Here's the bits from the "RISK FACTORS" section in their 2008 annual report that caught my attention.


**** Our future success depends on our ability to increase the maximum rated power output of our utility PowerBuoy system. If we are unable to increase the maximum rated output of our utility PowerBuoy system, the commercial prospects for our utility PowerBuoy system would be adversely affected.

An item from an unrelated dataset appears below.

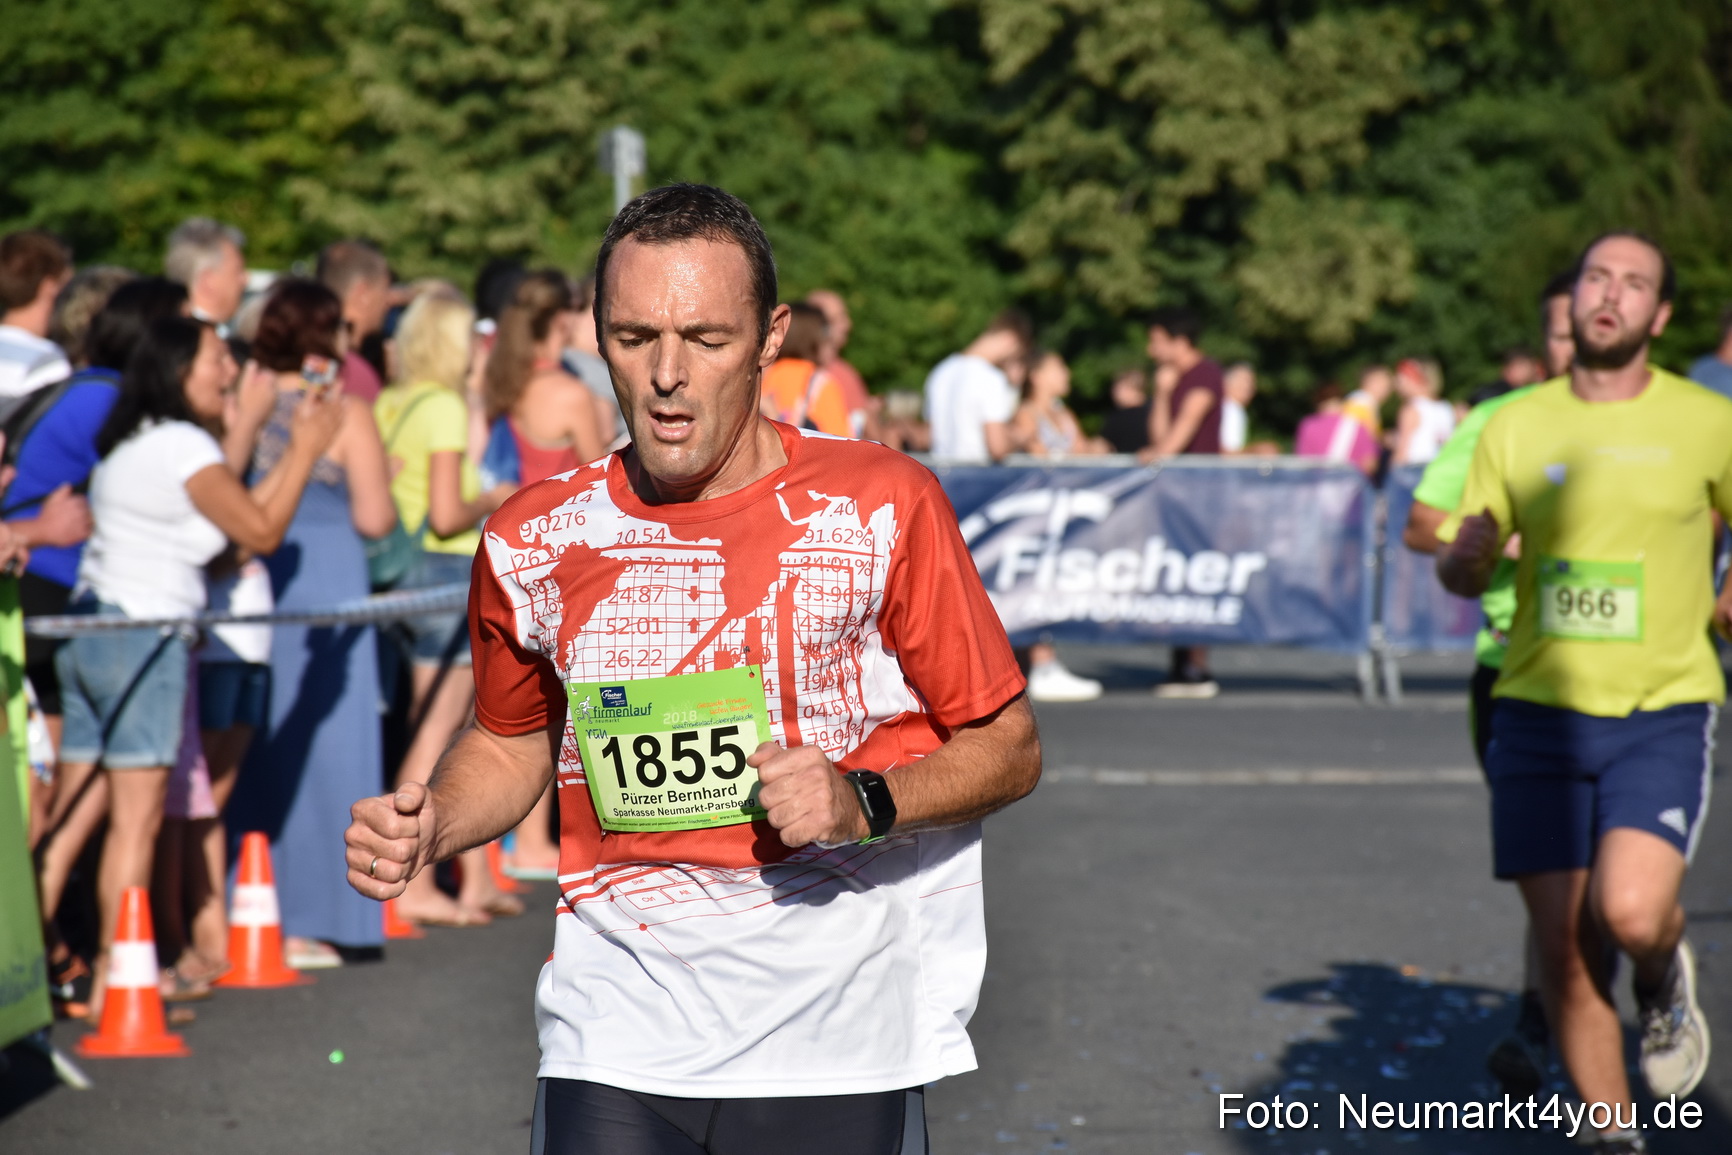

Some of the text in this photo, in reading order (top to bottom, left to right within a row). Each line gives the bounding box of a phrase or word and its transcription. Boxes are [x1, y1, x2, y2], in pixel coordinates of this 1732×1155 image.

One of our goals is to increase the maximum rated output of our utility PowerBuoy system, which is currently 40kW, to 150kW in 2008 and ultimately to 500kW in 2010. Our success in meeting this objective depends on our ability to significantly increase the power output of our PowerBuoy system in a cost-effective and timely manner and our ability to overcome the engineering and deployment hurdles that we face, including developing design and construction techniques that will enable the larger PowerBuoy systems to be deployed cost effectively and without damage, and developing adjustments to the mooring system to account for the larger-sized PowerBuoy systems. We have experienced delays in the development and deployment of our PowerBuoy system in the past, and could experience similar delays or other difficulties in the future. The present schedule for development of the 150kW PowerBuoy reflects management’s decision to enhance the system design to allow for improved survivability in 100-year storm wave conditions, and to work with a third-party engineering group to attain independent certification of the 150kW PowerBuoy design. If we cannot increase the power output of the PowerBuoy system, or if it takes us longer to do so than we anticipate, we may be unable to expand our business, maintain our competitive position, satisfy our contractual obligations or become profitable. In addition, if the cost associated with these development efforts exceeds our projections, our results of operations will be adversely affected.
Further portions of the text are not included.